* _What you are asked to do_: Skipping any pictures, give all of the records below again exactly.

* _Data listing_:
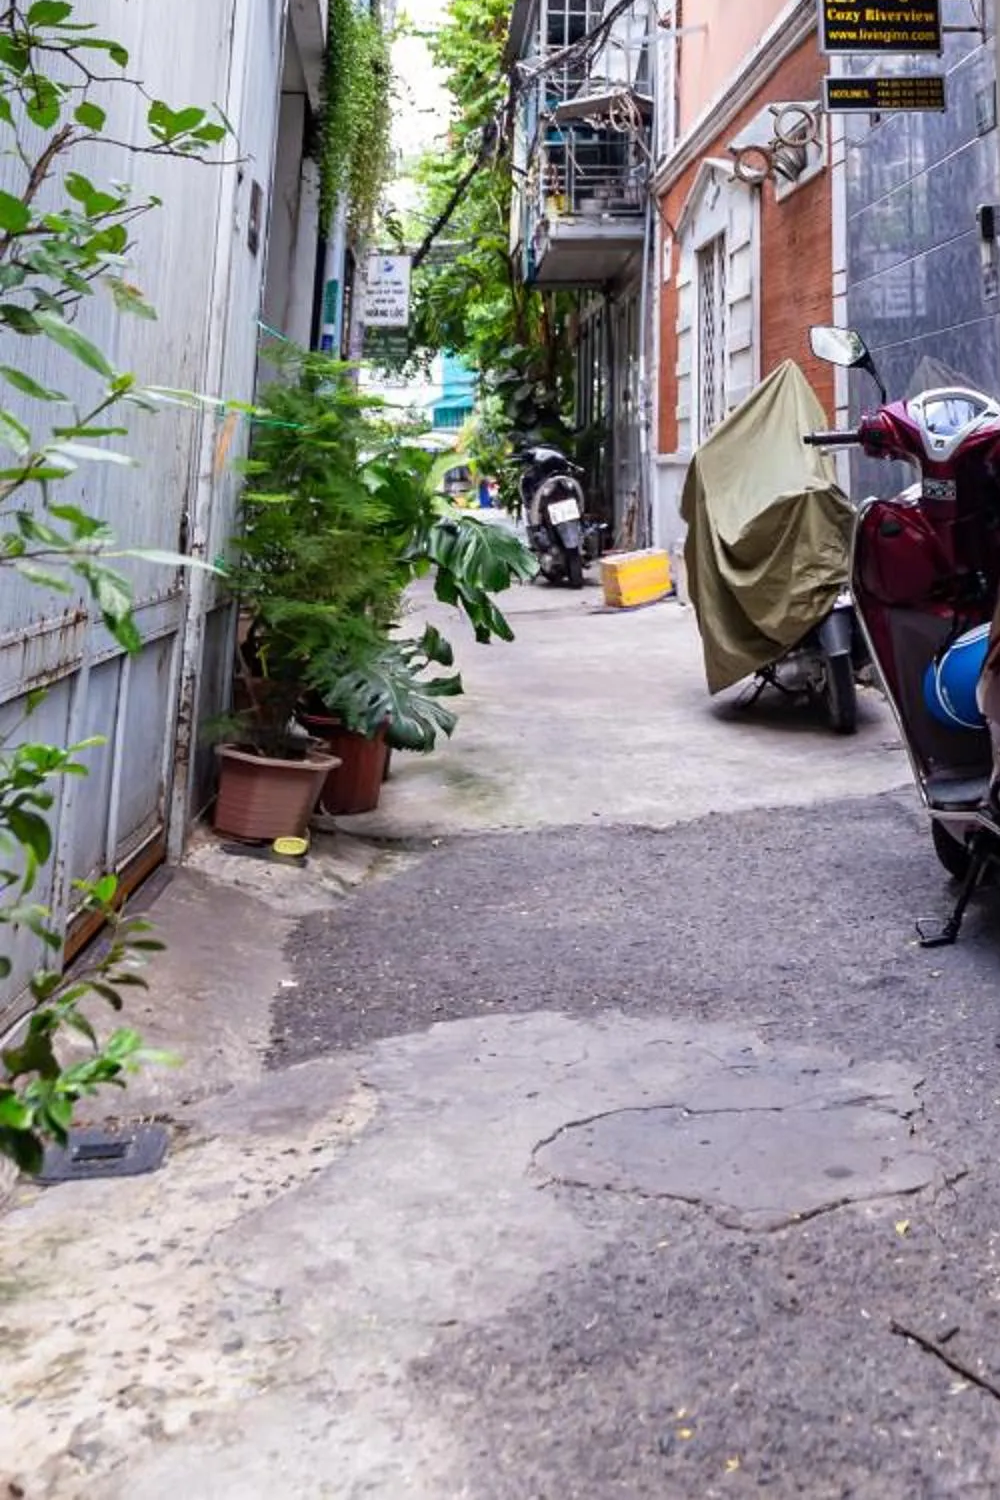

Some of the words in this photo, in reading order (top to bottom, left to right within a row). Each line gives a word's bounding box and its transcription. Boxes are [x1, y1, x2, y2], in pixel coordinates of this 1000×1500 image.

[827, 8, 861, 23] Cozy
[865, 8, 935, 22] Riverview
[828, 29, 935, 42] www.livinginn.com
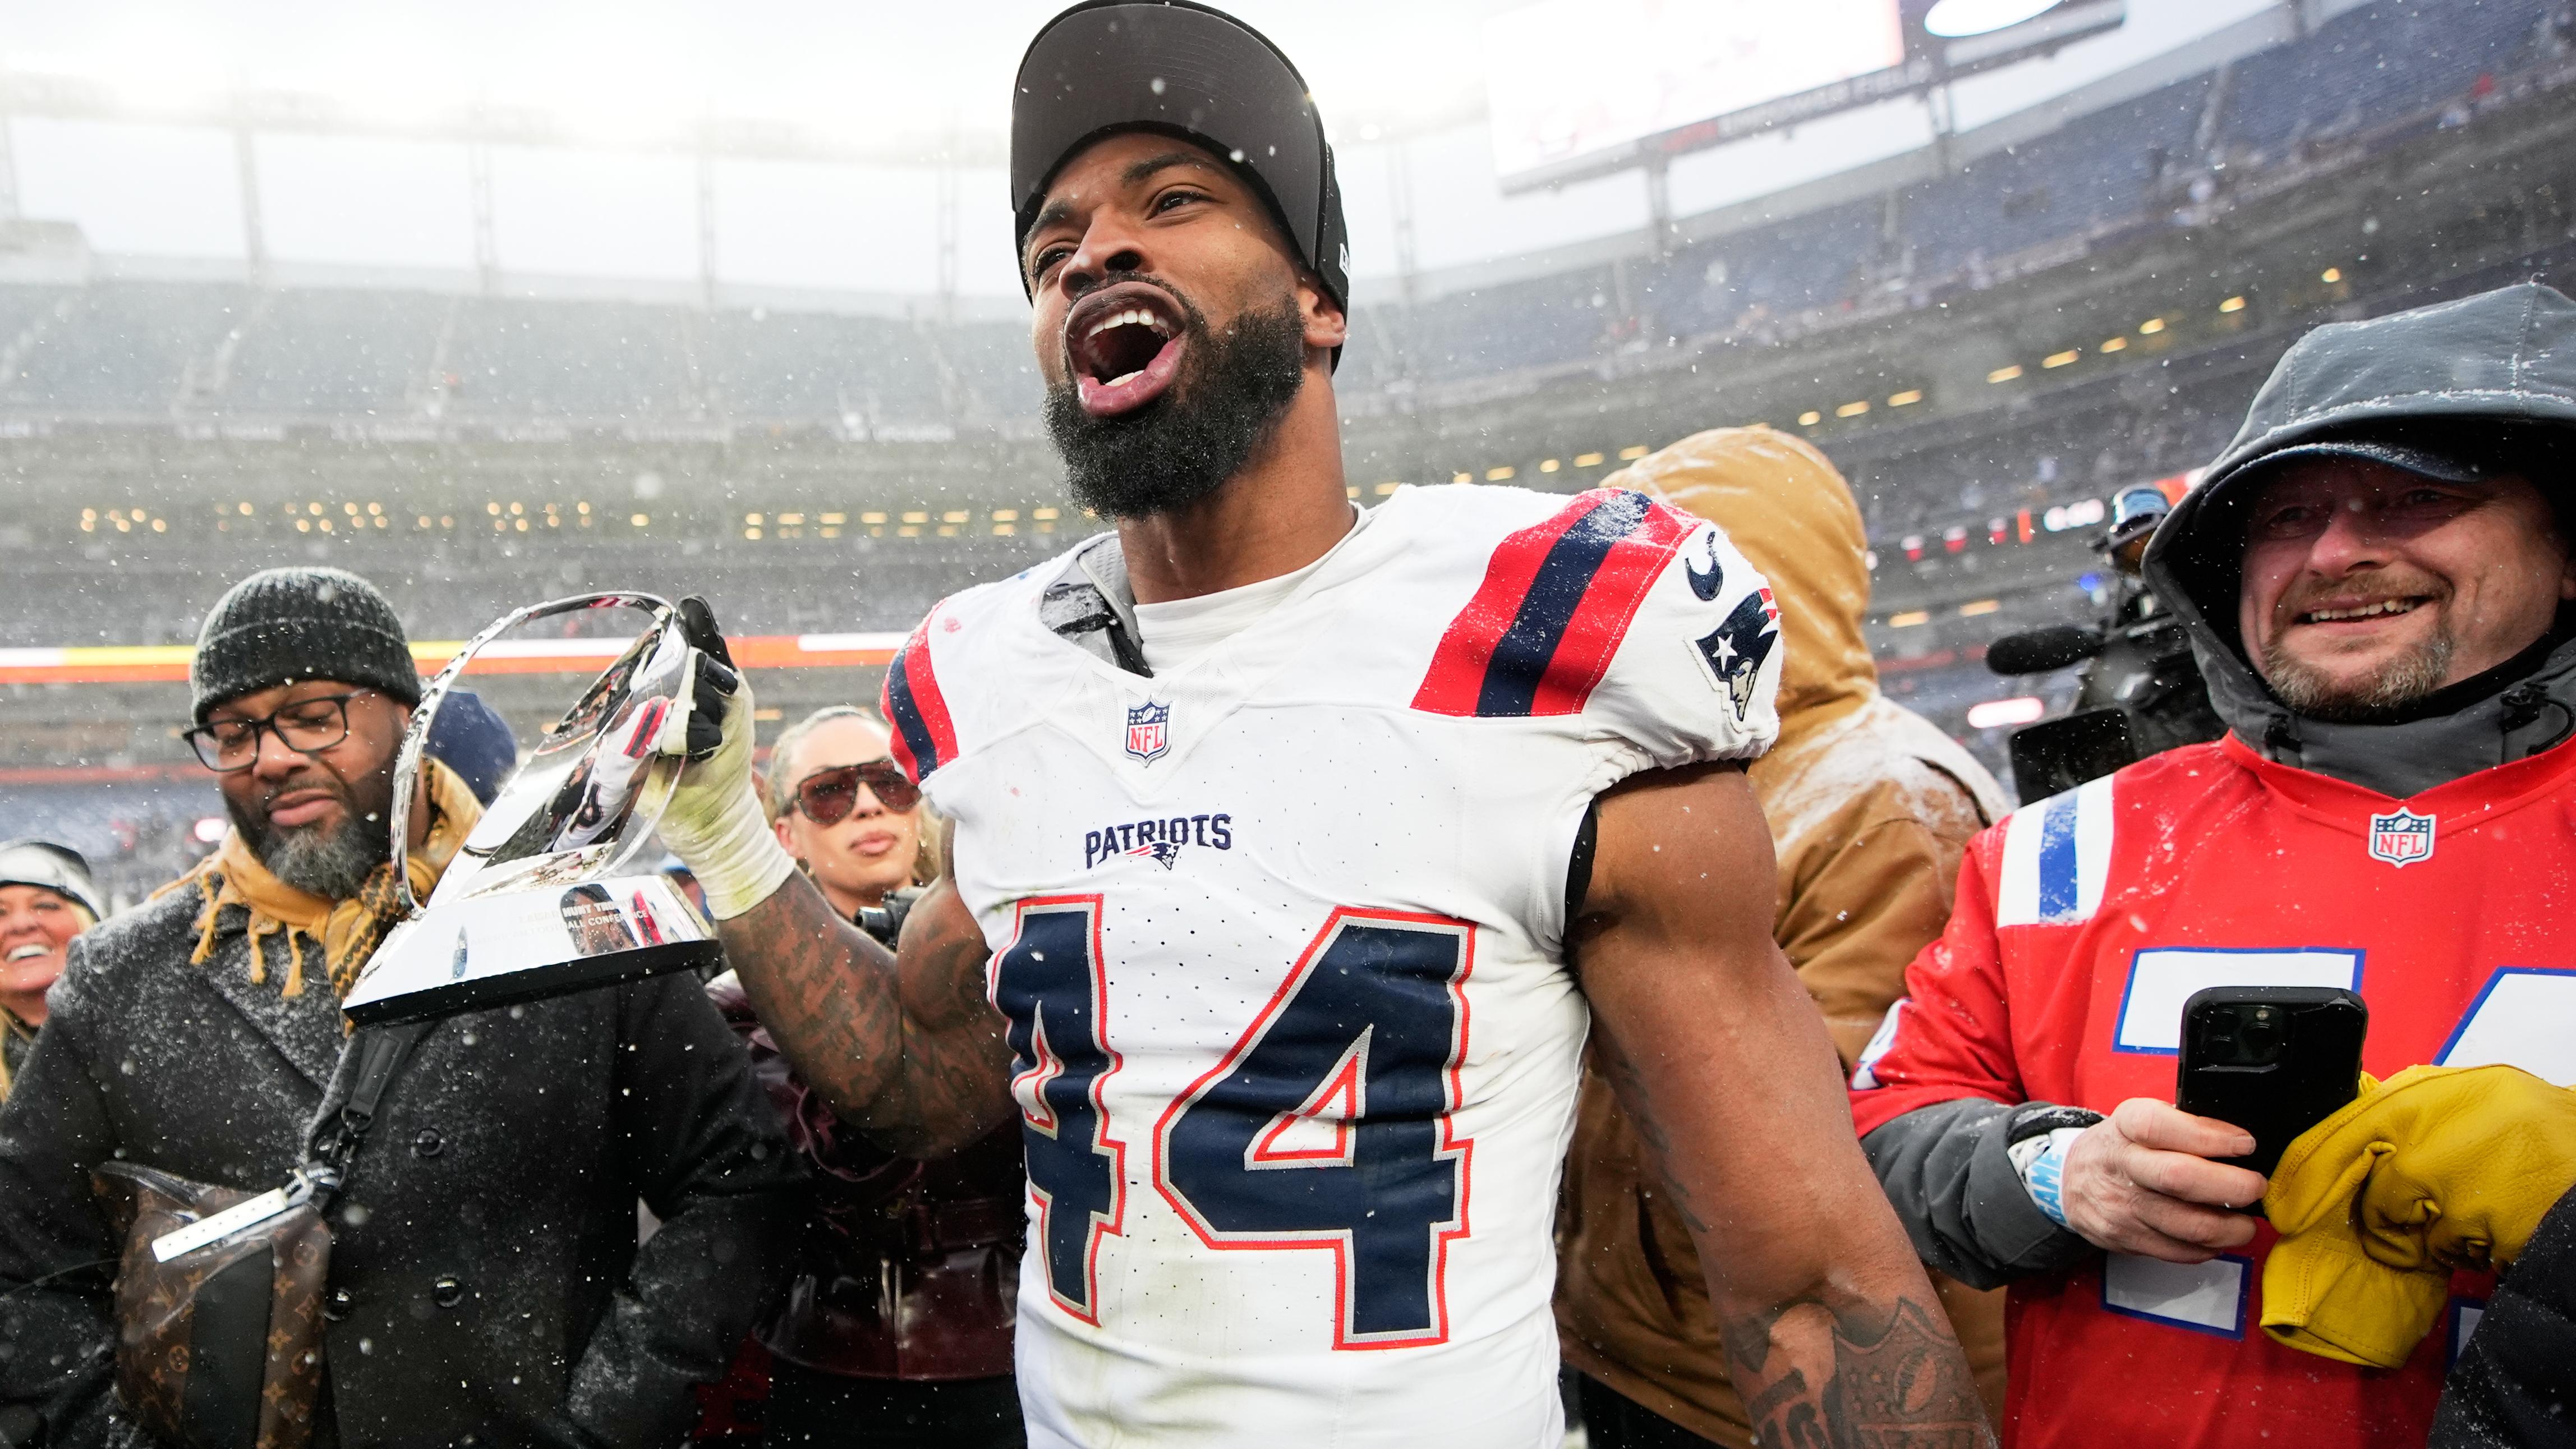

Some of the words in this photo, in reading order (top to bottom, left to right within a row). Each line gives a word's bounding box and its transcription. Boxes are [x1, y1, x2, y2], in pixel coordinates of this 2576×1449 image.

* _Exercise output_:
Some of the words in this photo, in reading order (top to bottom, left to right within a row). Each line gives a word's bounding box and its transcription. Boxes are [x1, y1, x2, y2], in pixel coordinates of this 1000×1500 image.

[827, 8, 861, 23] Cozy
[865, 8, 935, 22] Riverview
[828, 29, 935, 42] www.livinginn.com

Some of the words in this photo, in reading order (top to bottom, left to right within a row). Each line gives a word's bounding box and its transcription. Boxes are [x1, y1, x2, y2], in pixel coordinates of this 2576×1449 image.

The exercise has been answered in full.